Start of DATA FOR PROCESSING
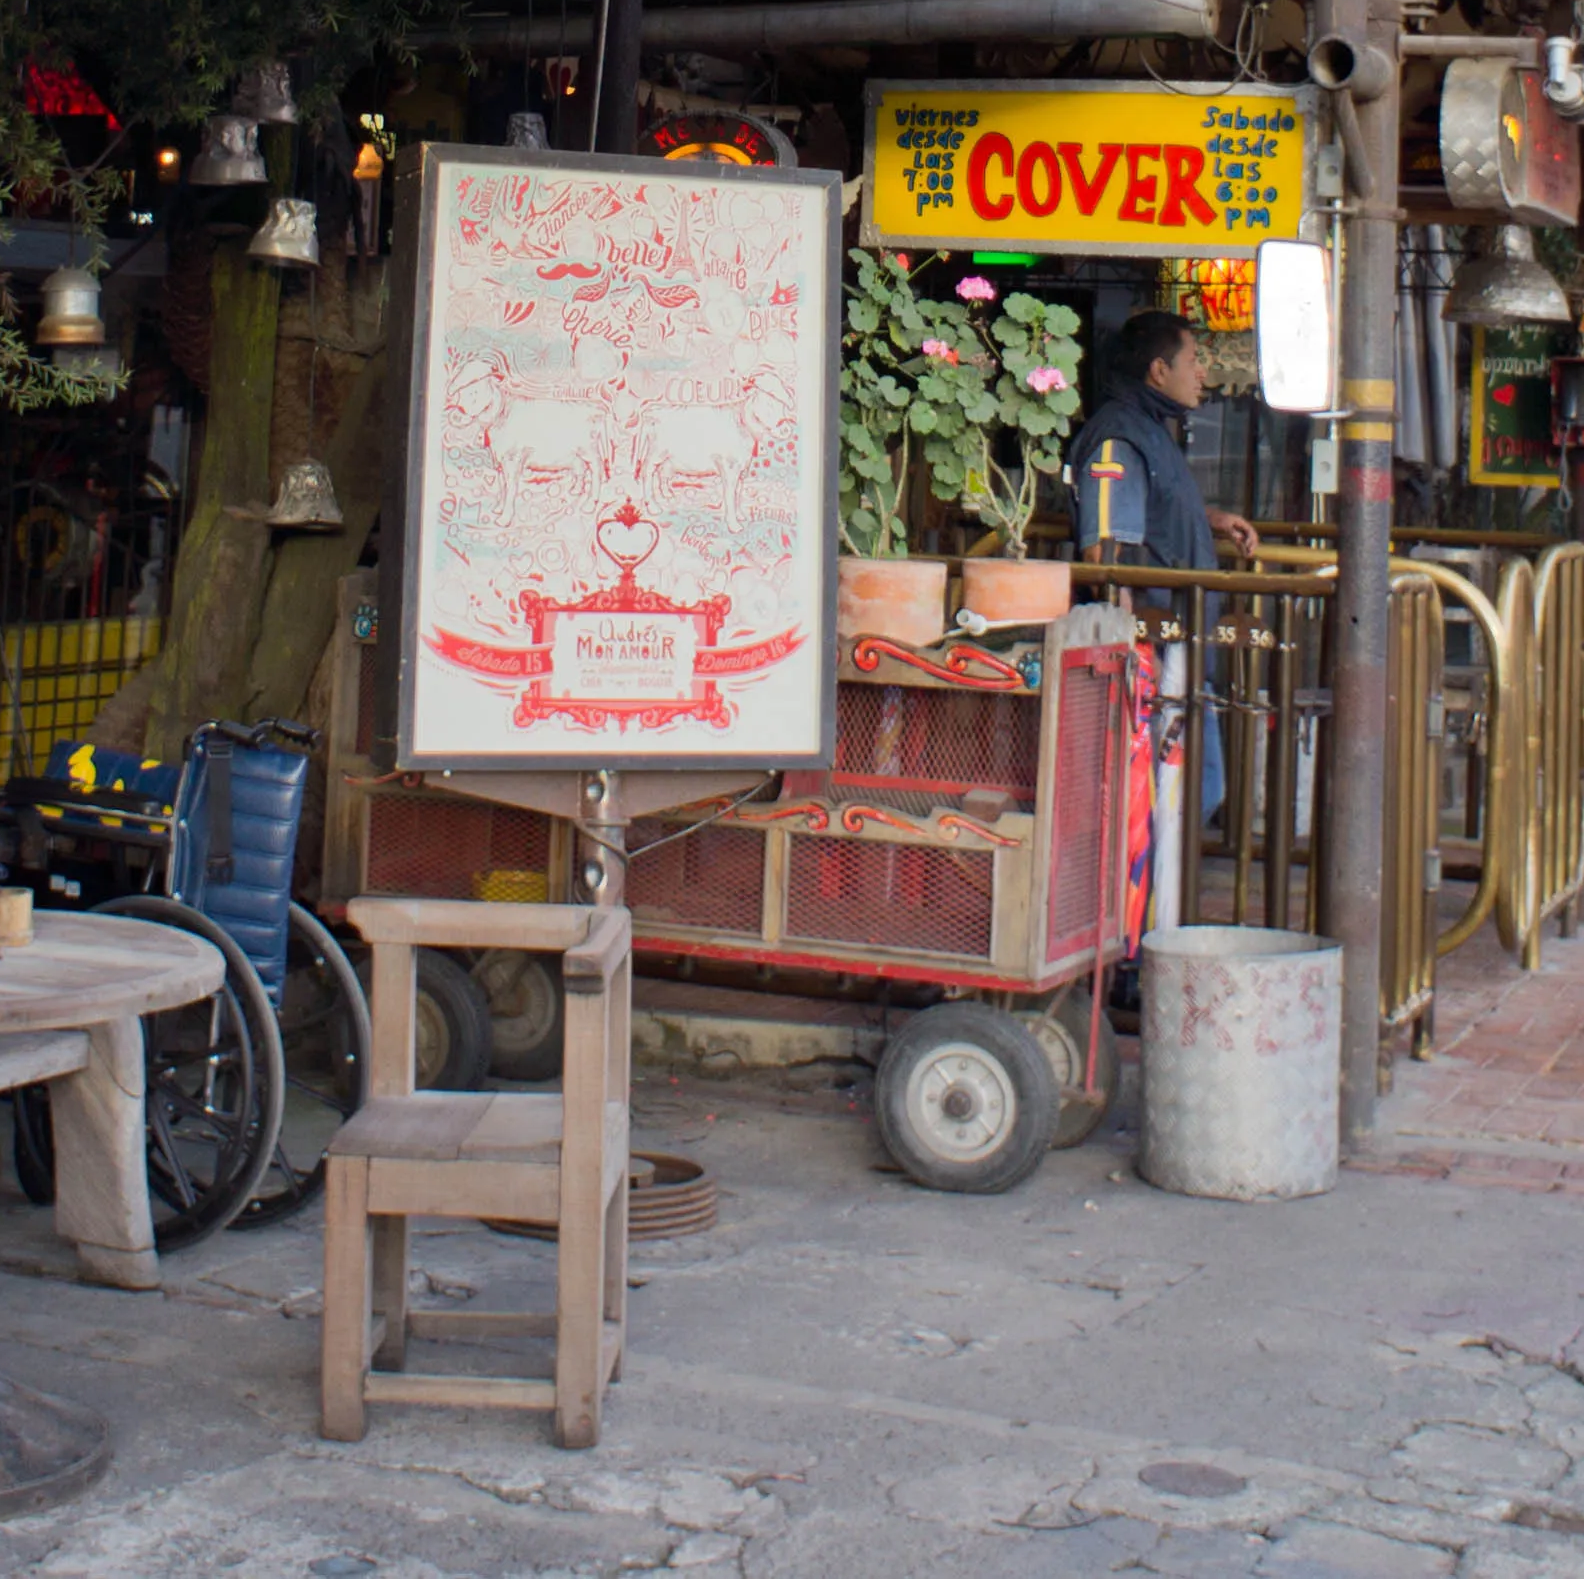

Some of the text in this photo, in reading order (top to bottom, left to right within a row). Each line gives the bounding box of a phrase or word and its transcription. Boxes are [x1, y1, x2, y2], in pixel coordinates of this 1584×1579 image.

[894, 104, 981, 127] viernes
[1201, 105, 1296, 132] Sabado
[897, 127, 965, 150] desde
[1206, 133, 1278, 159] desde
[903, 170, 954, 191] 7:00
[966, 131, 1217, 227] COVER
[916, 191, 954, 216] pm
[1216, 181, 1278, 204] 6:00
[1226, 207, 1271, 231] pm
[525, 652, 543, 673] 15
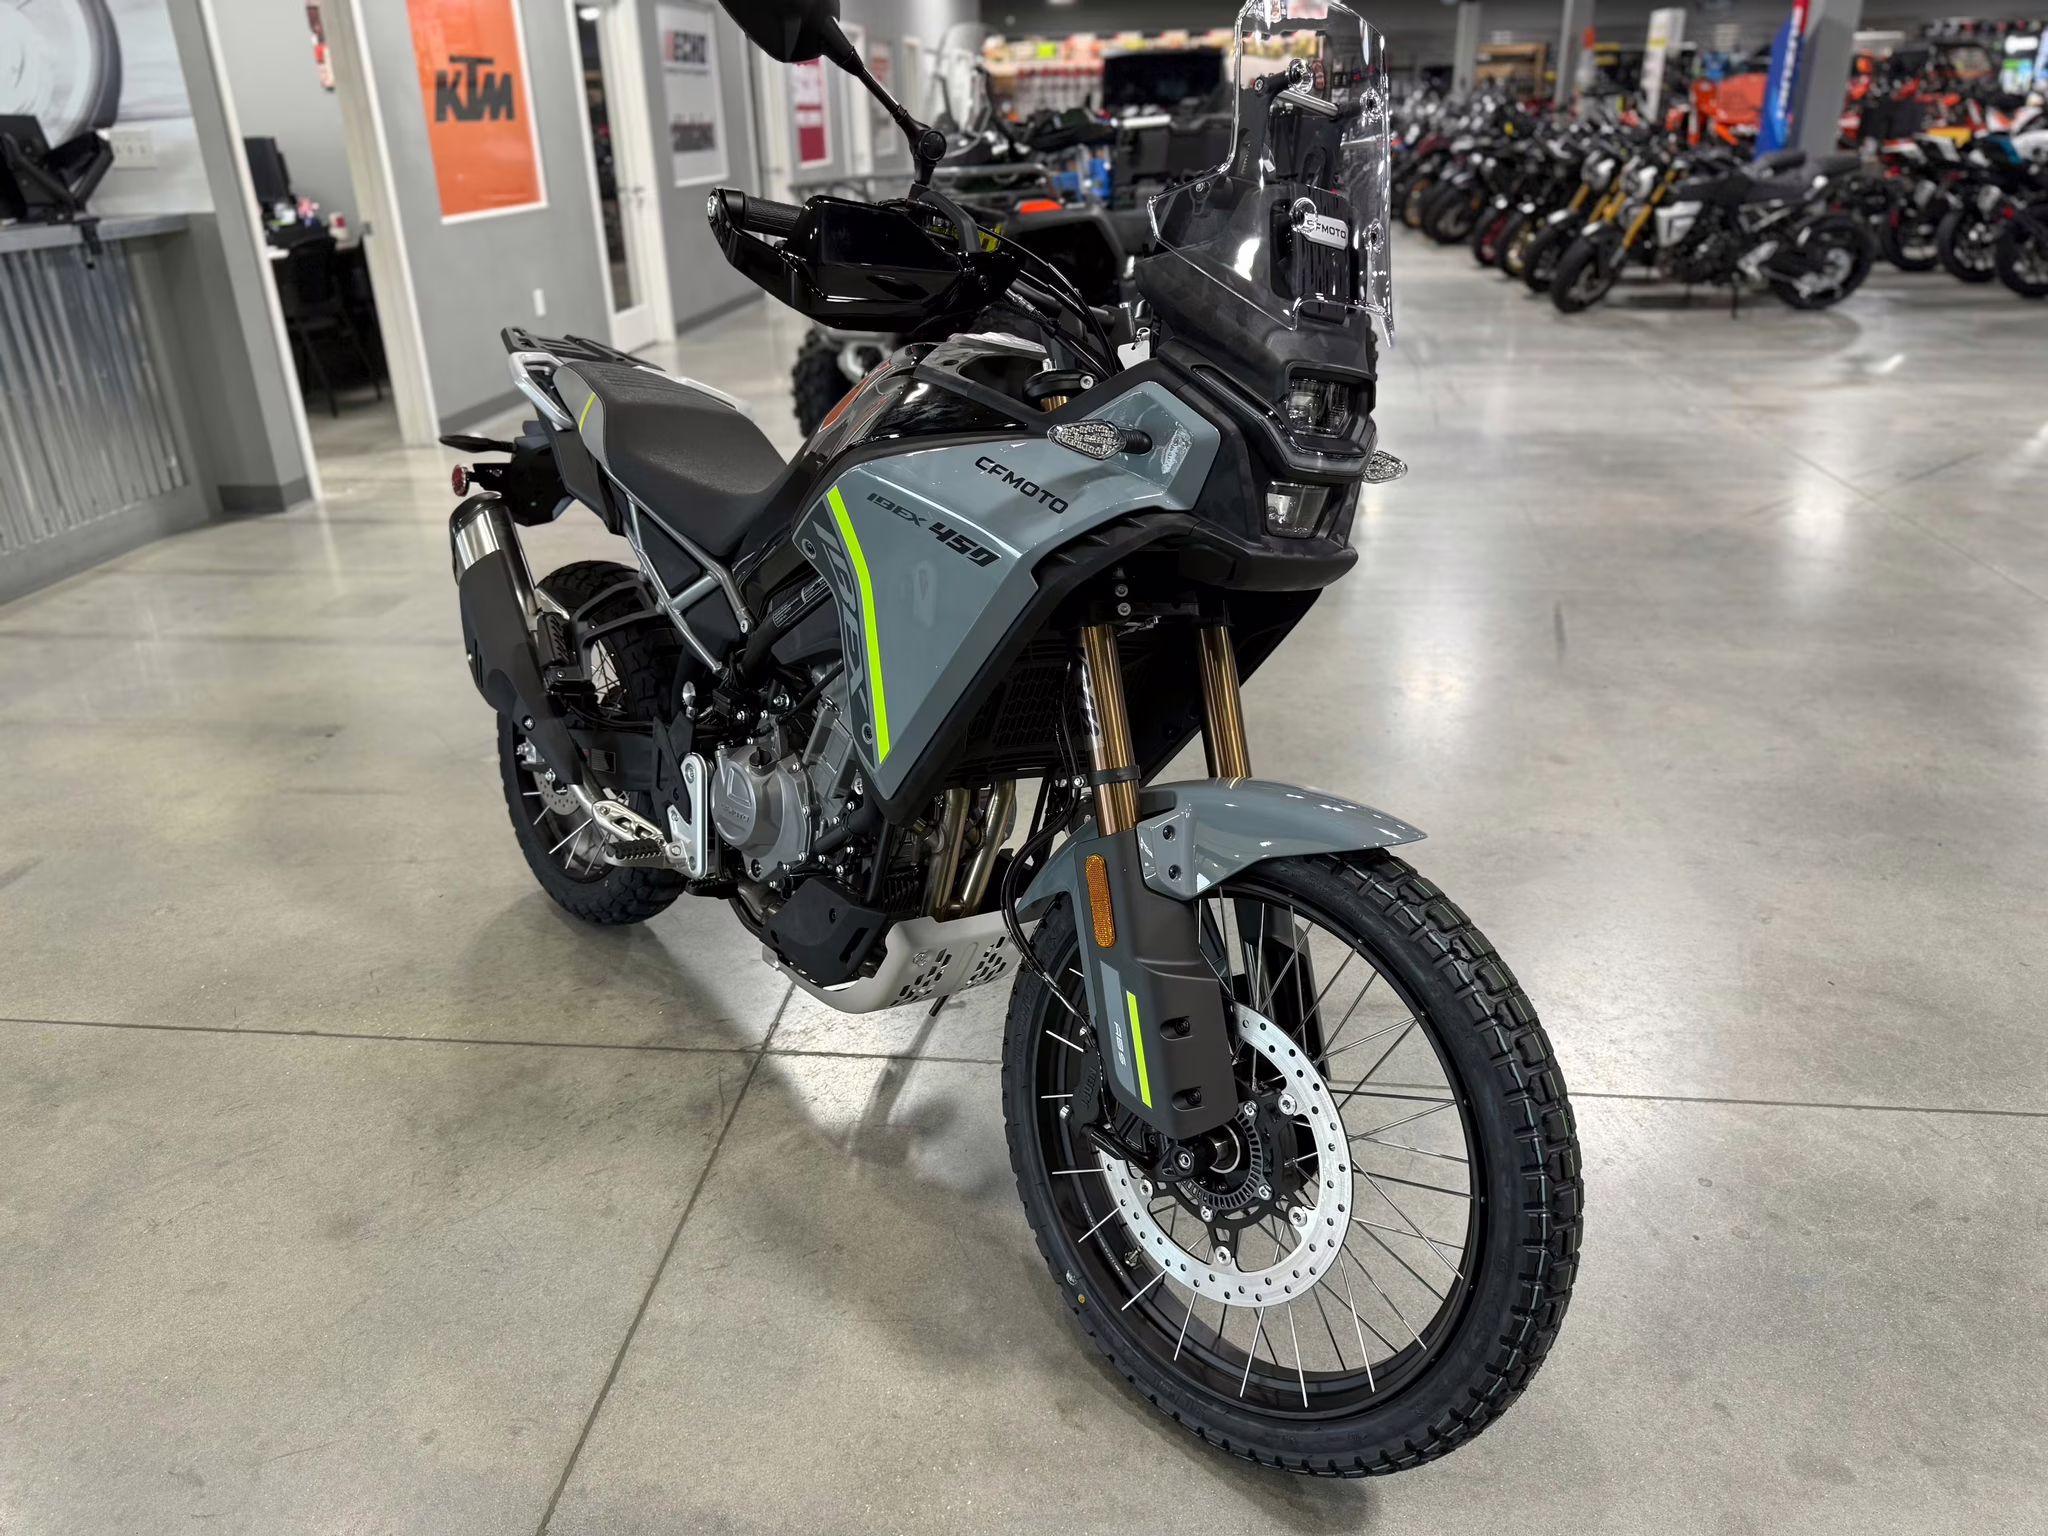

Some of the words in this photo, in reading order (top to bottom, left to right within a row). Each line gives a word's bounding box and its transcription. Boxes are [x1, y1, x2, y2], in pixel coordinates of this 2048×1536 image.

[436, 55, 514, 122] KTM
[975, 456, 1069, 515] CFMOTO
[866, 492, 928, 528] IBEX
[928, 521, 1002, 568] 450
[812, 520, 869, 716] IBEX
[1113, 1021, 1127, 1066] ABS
End of DATA FOR PROCESSING
→ **WHAT THE TASK REQUIRES**
Please give the data again in full, exactly as written, but without any images.

→ **ANSWER**
Some of the text in this photo, in reading order (top to bottom, left to right within a row). Each line gives the bounding box of a phrase or word and its transcription. Boxes are [x1, y1, x2, y2], in pixel coordinates of this 1584×1579 image.

[894, 104, 981, 127] viernes
[1201, 105, 1296, 132] Sabado
[897, 127, 965, 150] desde
[1206, 133, 1278, 159] desde
[903, 170, 954, 191] 7:00
[966, 131, 1217, 227] COVER
[916, 191, 954, 216] pm
[1216, 181, 1278, 204] 6:00
[1226, 207, 1271, 231] pm
[525, 652, 543, 673] 15

Some of the words in this photo, in reading order (top to bottom, left to right within a row). Each line gives a word's bounding box and its transcription. Boxes are [x1, y1, x2, y2], in pixel coordinates of this 2048×1536 image.

[436, 55, 514, 122] KTM
[975, 456, 1069, 515] CFMOTO
[866, 492, 928, 528] IBEX
[928, 521, 1002, 568] 450
[812, 520, 869, 716] IBEX
[1113, 1021, 1127, 1066] ABS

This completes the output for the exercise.